Listed records:
<<<<
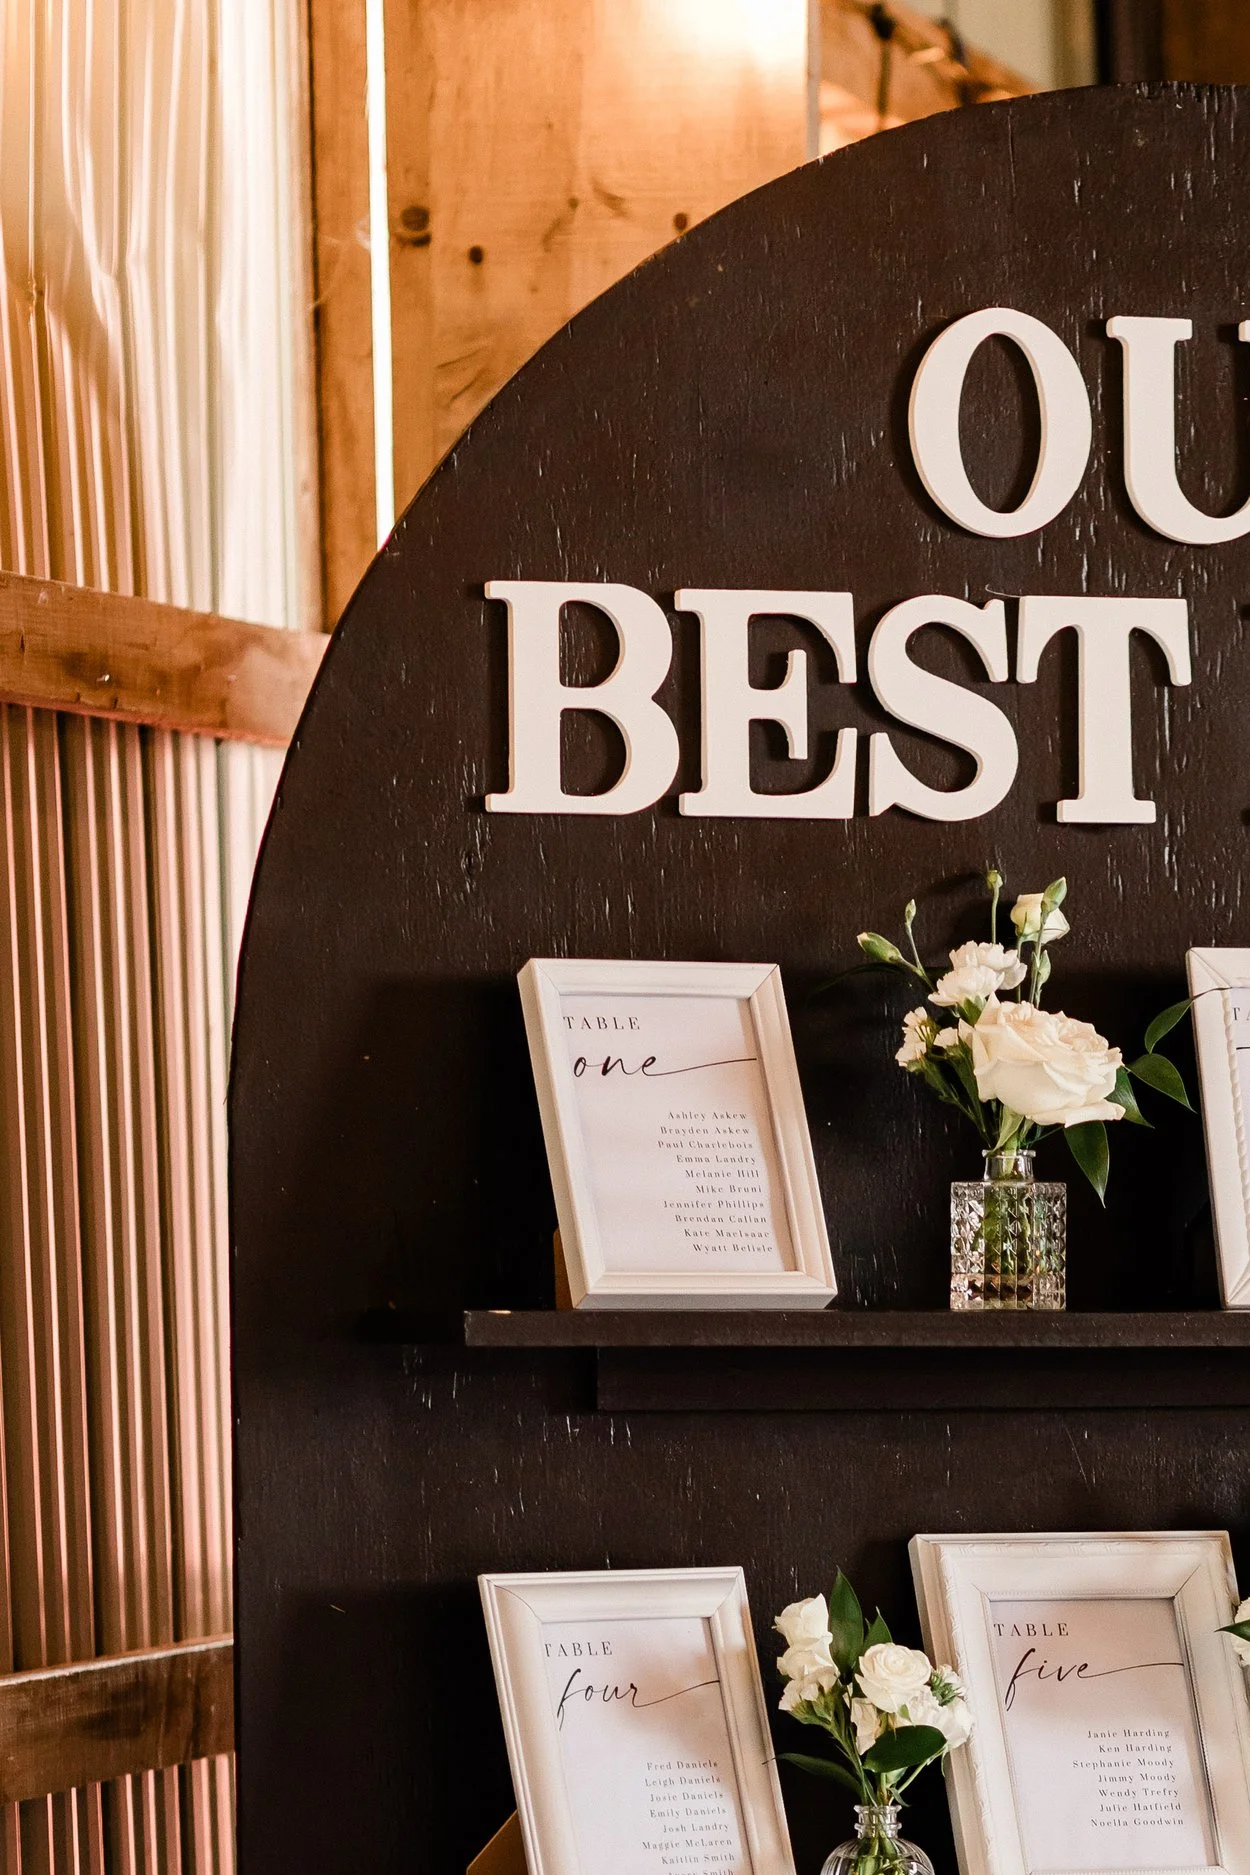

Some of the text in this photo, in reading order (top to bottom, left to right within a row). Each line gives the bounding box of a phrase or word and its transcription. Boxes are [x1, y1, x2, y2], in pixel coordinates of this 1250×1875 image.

[484, 580, 1193, 825] BEST
[563, 1016, 640, 1030] TABLE
[574, 1055, 757, 1077] one
[668, 1111, 748, 1121] Ashley Askew
[660, 1126, 709, 1136] Brayden
[689, 1141, 753, 1149] Charlebois
[677, 1155, 756, 1165] Emma Landry
[686, 1170, 731, 1178] Melanie
[718, 1201, 764, 1210] Phillips
[685, 1229, 710, 1237] Kate
[693, 1244, 727, 1254] Wyatt
[994, 1623, 1069, 1637] TABLE
[1005, 1648, 1184, 1711] five
[557, 1669, 720, 1731] four
[1088, 1729, 1170, 1738] Janie Harding
[1099, 1744, 1172, 1753] Ken Harding
[647, 1760, 717, 1771] Fred Daniels
[1073, 1758, 1173, 1770] Stephanie Moody
[645, 1776, 720, 1787] Leigh Daniels
[1099, 1773, 1176, 1783] Jimmy Moody
[650, 1792, 724, 1802] Josie Daniels
[1099, 1789, 1136, 1798] Wendy
[1100, 1802, 1181, 1812] Julie Hatfield
[650, 1807, 727, 1819] Emily Daniels
[663, 1823, 728, 1833] Josh Landry
[1091, 1819, 1128, 1827] Noella
[642, 1839, 732, 1850] Maggie McLaren
[661, 1853, 735, 1864] Kaitlin Smith
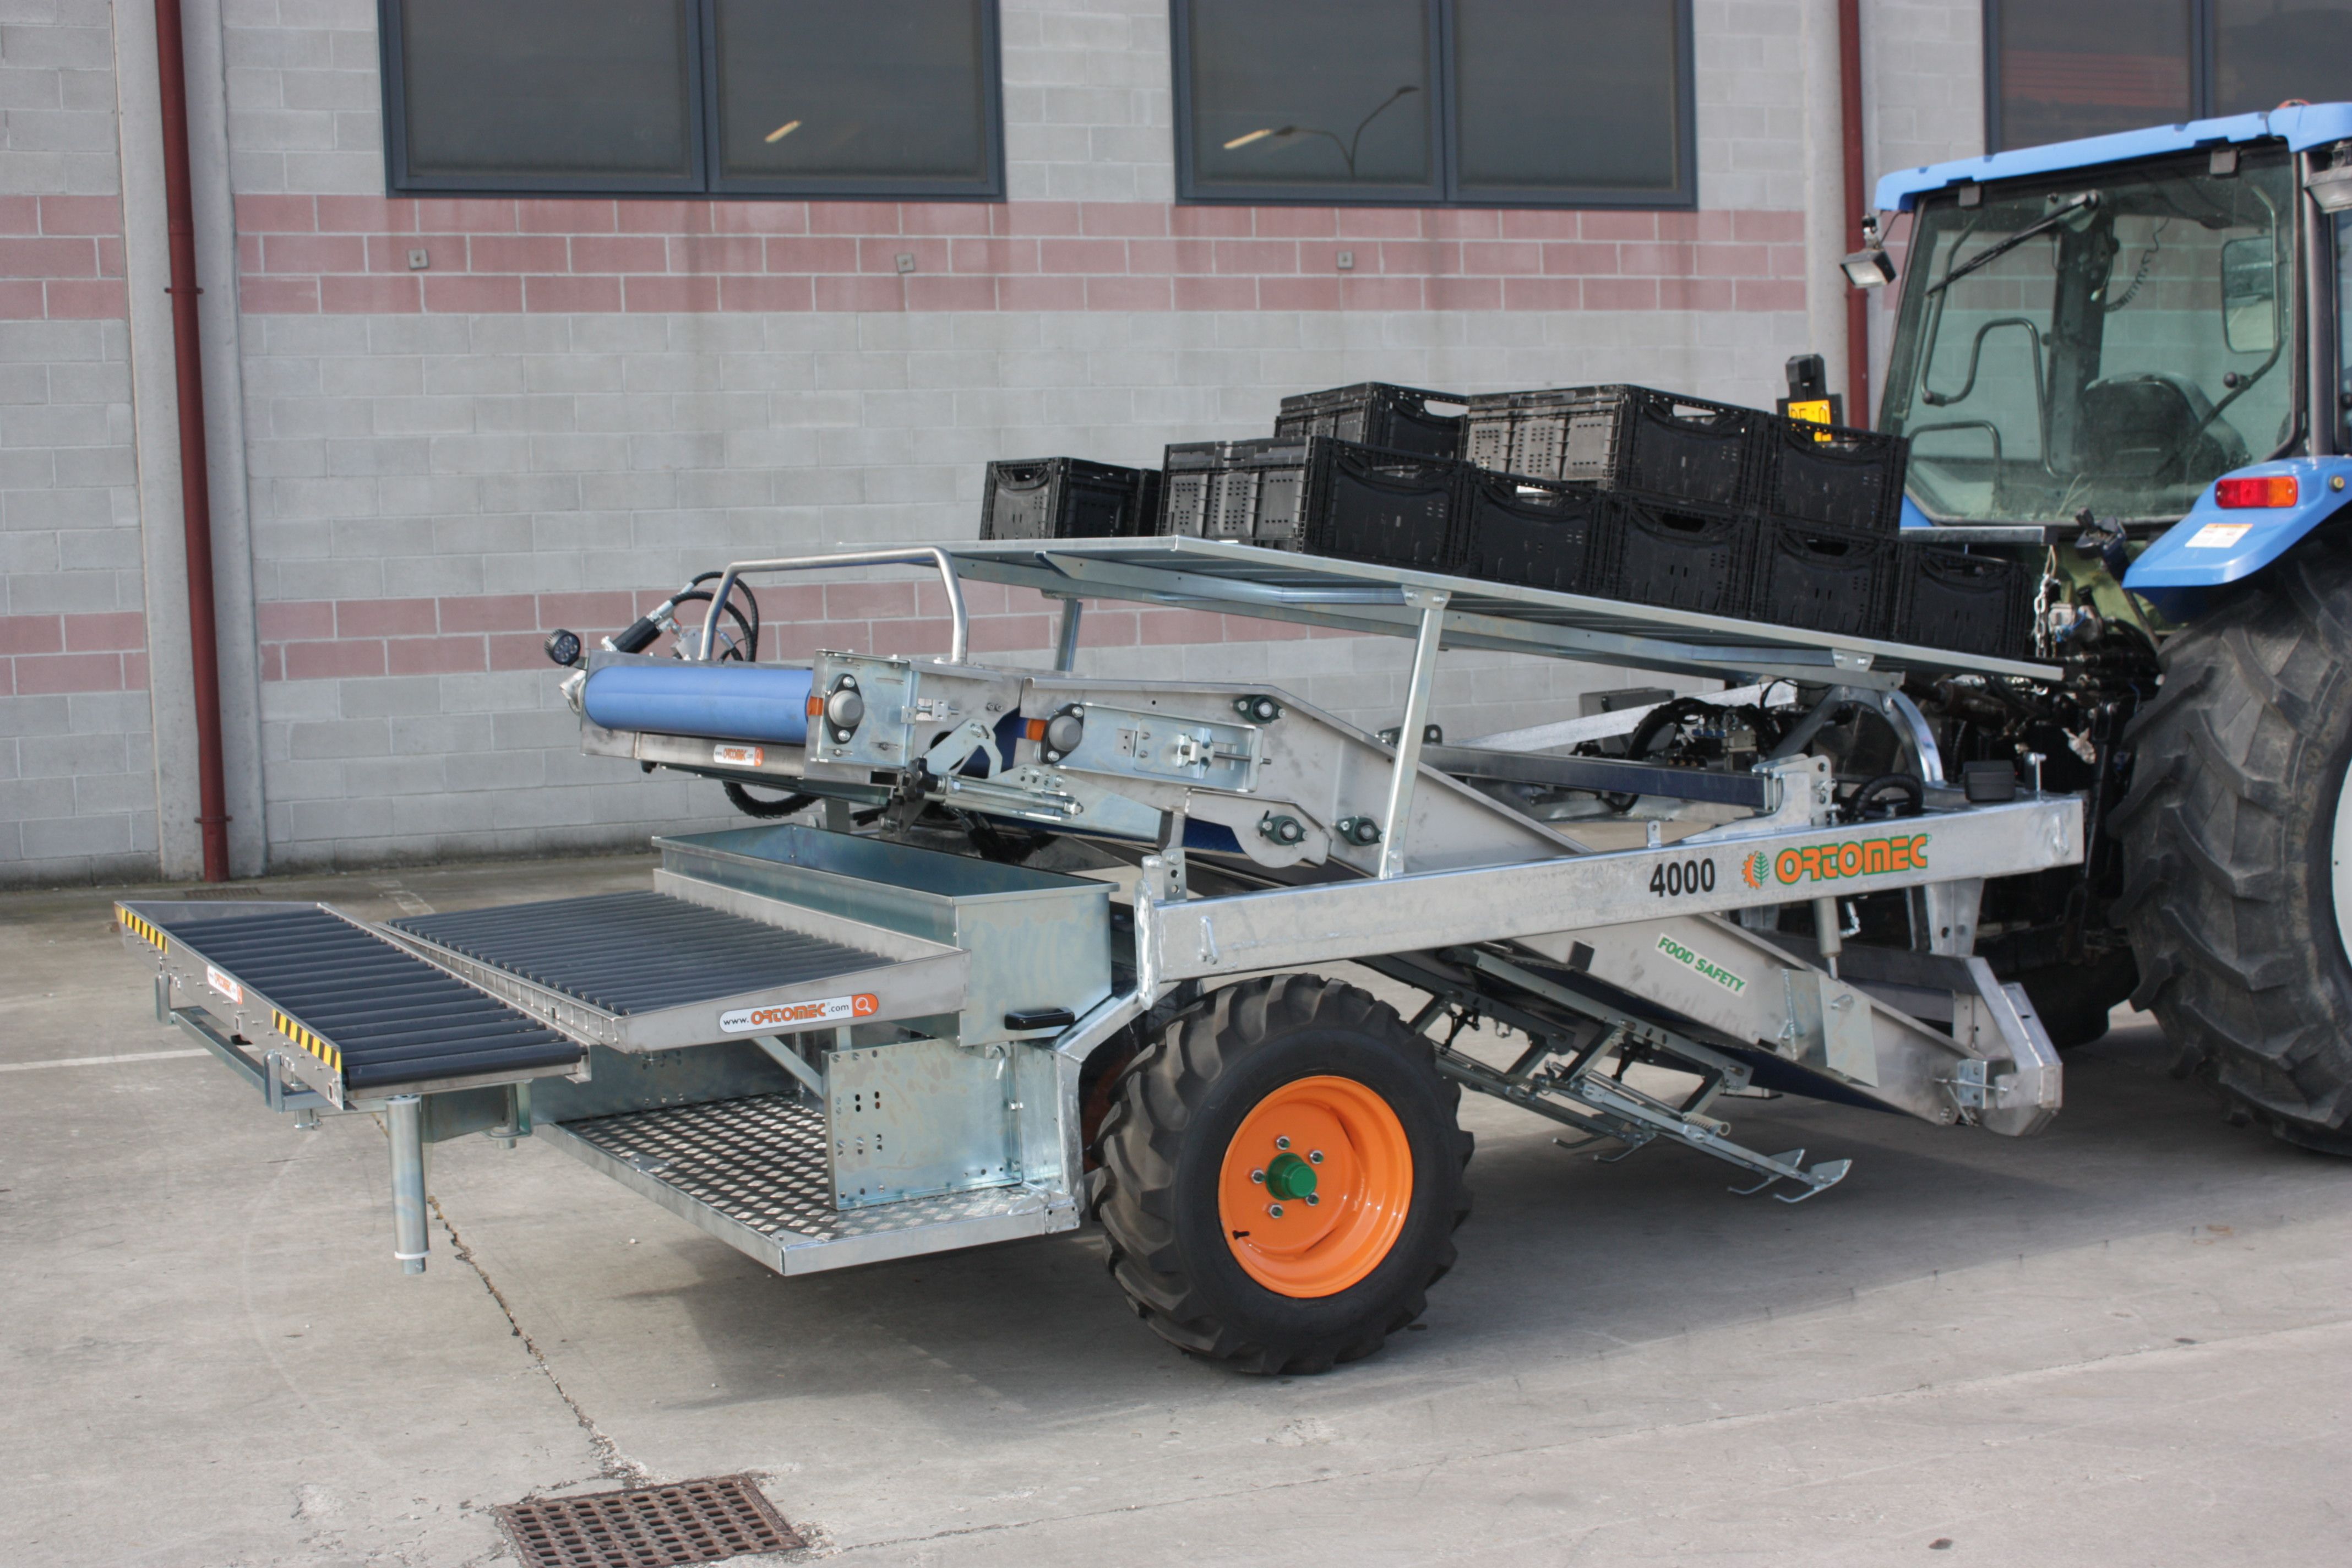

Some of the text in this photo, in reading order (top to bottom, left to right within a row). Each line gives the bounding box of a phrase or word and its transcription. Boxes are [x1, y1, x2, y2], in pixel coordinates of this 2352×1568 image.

[1649, 833, 1928, 897] 4000 ORTOMEC
[1658, 937, 1746, 992] FOOD SAFETY
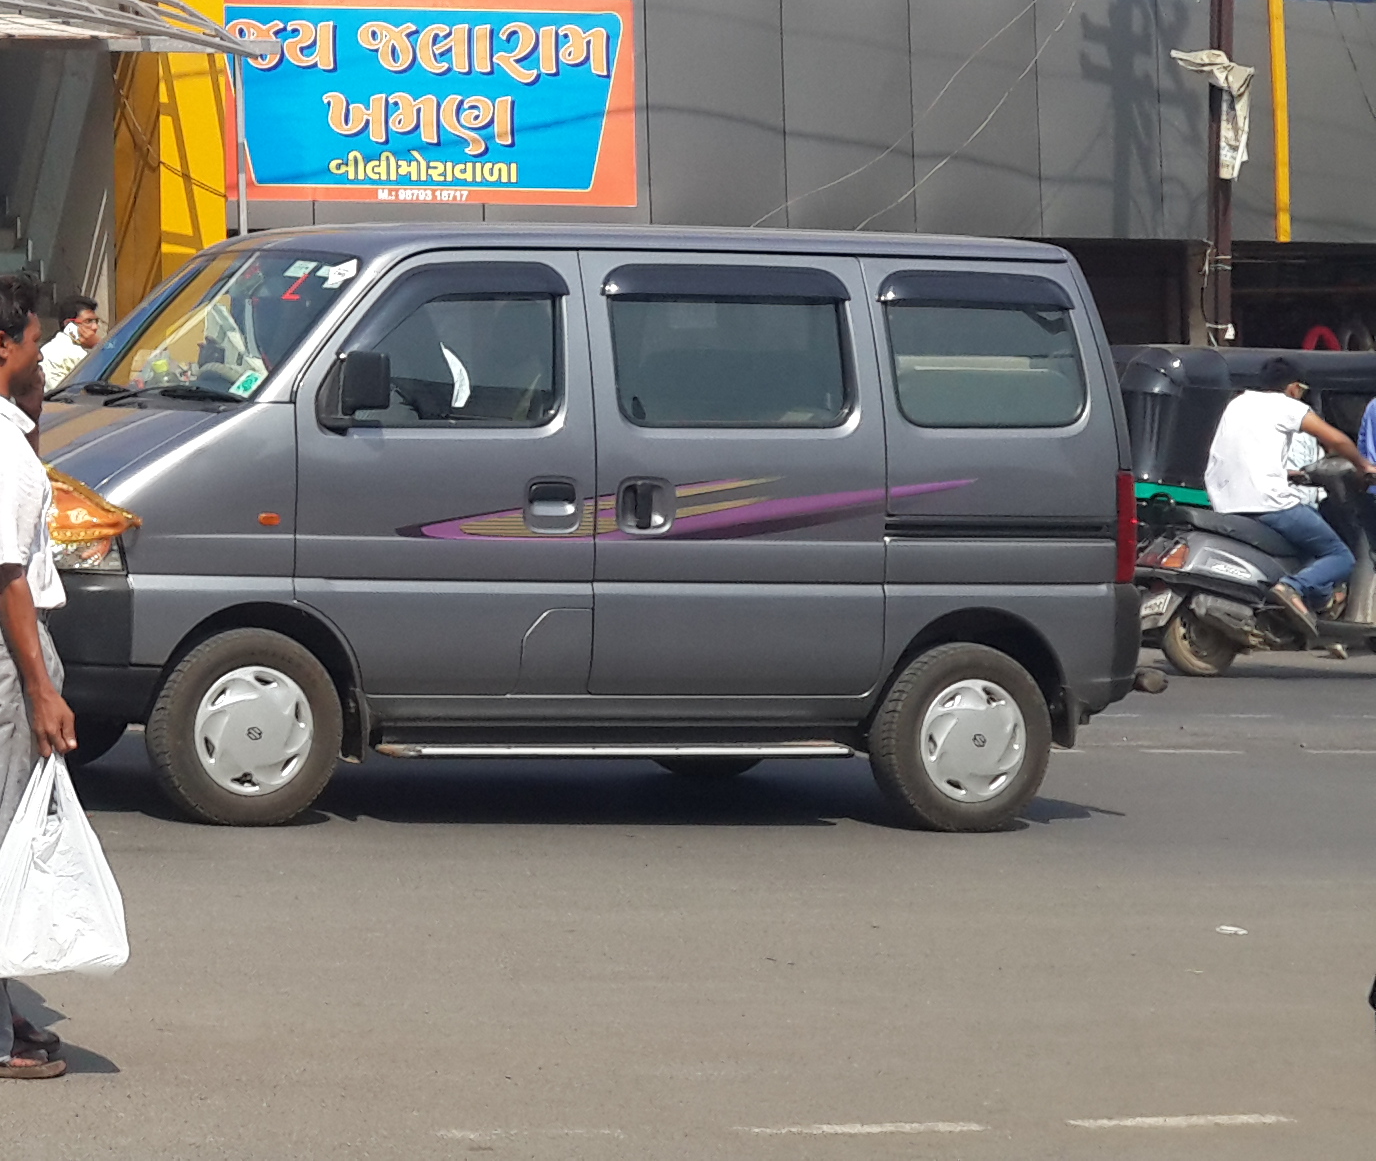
>>>>
Goal of the exercise: Exact reproduction is required. Output only the lines from the one with "this 2352×1568 image." through the end of the listing above, both ends included, and no pictures.

Written answer:
Some of the text in this photo, in reading order (top to bottom, left to right within a row). Each line gives the bounding box of a phrase or word and its transcription. Boxes are [x1, y1, x2, y2], in pixel coordinates of this 2352×1568 image.

[1649, 833, 1928, 897] 4000 ORTOMEC
[1658, 937, 1746, 992] FOOD SAFETY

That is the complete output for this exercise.